* DATA
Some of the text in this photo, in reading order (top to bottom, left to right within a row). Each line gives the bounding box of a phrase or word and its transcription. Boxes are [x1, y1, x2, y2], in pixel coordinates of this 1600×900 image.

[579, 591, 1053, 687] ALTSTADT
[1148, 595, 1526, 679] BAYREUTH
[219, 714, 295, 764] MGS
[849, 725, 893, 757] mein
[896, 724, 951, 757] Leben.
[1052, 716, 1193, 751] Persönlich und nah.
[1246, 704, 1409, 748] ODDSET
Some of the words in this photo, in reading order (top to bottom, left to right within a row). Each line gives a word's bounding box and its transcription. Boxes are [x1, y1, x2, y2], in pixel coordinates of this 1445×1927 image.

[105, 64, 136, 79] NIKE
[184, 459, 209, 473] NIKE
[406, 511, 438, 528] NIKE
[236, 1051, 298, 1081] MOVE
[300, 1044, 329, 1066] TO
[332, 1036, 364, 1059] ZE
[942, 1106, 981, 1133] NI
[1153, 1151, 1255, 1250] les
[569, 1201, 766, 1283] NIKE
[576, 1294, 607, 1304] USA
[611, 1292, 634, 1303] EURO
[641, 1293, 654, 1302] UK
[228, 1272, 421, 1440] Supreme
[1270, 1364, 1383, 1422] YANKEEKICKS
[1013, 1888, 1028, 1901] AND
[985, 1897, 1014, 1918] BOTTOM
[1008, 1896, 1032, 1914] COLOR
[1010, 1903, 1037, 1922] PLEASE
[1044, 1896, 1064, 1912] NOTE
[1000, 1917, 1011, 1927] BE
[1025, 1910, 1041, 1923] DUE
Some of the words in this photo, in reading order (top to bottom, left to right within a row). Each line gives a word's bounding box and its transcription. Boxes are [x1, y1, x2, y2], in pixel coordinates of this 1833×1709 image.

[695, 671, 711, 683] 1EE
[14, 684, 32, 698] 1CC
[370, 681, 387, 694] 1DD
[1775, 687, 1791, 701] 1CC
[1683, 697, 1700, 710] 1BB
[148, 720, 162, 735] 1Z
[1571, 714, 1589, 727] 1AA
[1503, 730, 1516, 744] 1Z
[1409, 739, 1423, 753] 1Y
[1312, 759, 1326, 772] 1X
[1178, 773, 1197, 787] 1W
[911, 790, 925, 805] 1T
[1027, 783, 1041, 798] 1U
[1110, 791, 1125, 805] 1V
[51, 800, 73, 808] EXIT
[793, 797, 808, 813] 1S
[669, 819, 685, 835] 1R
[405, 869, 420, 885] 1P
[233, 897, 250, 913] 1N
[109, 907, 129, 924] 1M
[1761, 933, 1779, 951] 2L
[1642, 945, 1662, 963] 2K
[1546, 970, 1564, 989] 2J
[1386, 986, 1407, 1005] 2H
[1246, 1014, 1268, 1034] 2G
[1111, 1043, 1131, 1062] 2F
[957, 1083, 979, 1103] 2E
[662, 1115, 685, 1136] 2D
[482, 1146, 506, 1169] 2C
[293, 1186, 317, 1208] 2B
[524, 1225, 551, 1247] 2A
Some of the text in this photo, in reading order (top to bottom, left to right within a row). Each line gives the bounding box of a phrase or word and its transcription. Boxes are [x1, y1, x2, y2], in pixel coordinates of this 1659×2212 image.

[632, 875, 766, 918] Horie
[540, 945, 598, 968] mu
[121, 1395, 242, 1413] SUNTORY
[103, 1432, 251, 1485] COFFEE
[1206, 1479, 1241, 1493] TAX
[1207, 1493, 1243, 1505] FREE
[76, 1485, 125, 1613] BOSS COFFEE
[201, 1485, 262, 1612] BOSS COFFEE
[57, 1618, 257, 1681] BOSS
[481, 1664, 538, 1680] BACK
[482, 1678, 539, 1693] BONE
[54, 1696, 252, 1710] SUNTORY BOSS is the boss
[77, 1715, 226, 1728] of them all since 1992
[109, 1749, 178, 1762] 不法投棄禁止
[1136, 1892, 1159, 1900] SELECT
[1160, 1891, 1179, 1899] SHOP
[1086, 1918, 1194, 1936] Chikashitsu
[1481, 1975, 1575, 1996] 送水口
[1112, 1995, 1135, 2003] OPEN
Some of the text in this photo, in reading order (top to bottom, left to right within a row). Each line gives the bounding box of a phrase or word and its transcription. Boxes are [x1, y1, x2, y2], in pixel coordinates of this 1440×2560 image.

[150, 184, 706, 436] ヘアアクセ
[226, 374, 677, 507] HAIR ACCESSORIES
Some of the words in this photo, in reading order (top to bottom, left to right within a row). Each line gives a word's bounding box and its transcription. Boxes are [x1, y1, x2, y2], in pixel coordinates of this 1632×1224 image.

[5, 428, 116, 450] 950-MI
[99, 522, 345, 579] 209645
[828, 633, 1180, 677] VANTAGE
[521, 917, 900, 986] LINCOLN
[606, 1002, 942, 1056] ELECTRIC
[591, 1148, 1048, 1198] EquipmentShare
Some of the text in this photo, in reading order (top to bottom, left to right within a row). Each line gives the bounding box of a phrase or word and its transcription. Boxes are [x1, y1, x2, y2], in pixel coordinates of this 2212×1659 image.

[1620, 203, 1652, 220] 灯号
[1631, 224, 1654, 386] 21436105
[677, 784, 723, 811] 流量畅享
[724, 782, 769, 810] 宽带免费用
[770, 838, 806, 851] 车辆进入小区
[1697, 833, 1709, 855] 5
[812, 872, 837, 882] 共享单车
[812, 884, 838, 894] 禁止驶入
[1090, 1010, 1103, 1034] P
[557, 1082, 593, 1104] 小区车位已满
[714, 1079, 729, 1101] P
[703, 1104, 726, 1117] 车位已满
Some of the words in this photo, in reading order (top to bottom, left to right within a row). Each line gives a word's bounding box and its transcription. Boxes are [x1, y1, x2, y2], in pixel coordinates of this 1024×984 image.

* WHAT YOU SHOULD DO
All lines from the one containing "this 1632×1224 image." through the last line of the data must be set down exactly. No other lines belong in the answer.

* SOLUTION TO THIS PROBLEM
Some of the words in this photo, in reading order (top to bottom, left to right within a row). Each line gives a word's bounding box and its transcription. Boxes are [x1, y1, x2, y2], in pixel coordinates of this 1632×1224 image.

[5, 428, 116, 450] 950-MI
[99, 522, 345, 579] 209645
[828, 633, 1180, 677] VANTAGE
[521, 917, 900, 986] LINCOLN
[606, 1002, 942, 1056] ELECTRIC
[591, 1148, 1048, 1198] EquipmentShare
Some of the text in this photo, in reading order (top to bottom, left to right within a row). Each line gives the bounding box of a phrase or word and its transcription. Boxes are [x1, y1, x2, y2], in pixel coordinates of this 2212×1659 image.

[1620, 203, 1652, 220] 灯号
[1631, 224, 1654, 386] 21436105
[677, 784, 723, 811] 流量畅享
[724, 782, 769, 810] 宽带免费用
[770, 838, 806, 851] 车辆进入小区
[1697, 833, 1709, 855] 5
[812, 872, 837, 882] 共享单车
[812, 884, 838, 894] 禁止驶入
[1090, 1010, 1103, 1034] P
[557, 1082, 593, 1104] 小区车位已满
[714, 1079, 729, 1101] P
[703, 1104, 726, 1117] 车位已满
Some of the words in this photo, in reading order (top to bottom, left to right within a row). Each line gives a word's bounding box and its transcription. Boxes are [x1, y1, x2, y2], in pixel coordinates of this 1024×984 image.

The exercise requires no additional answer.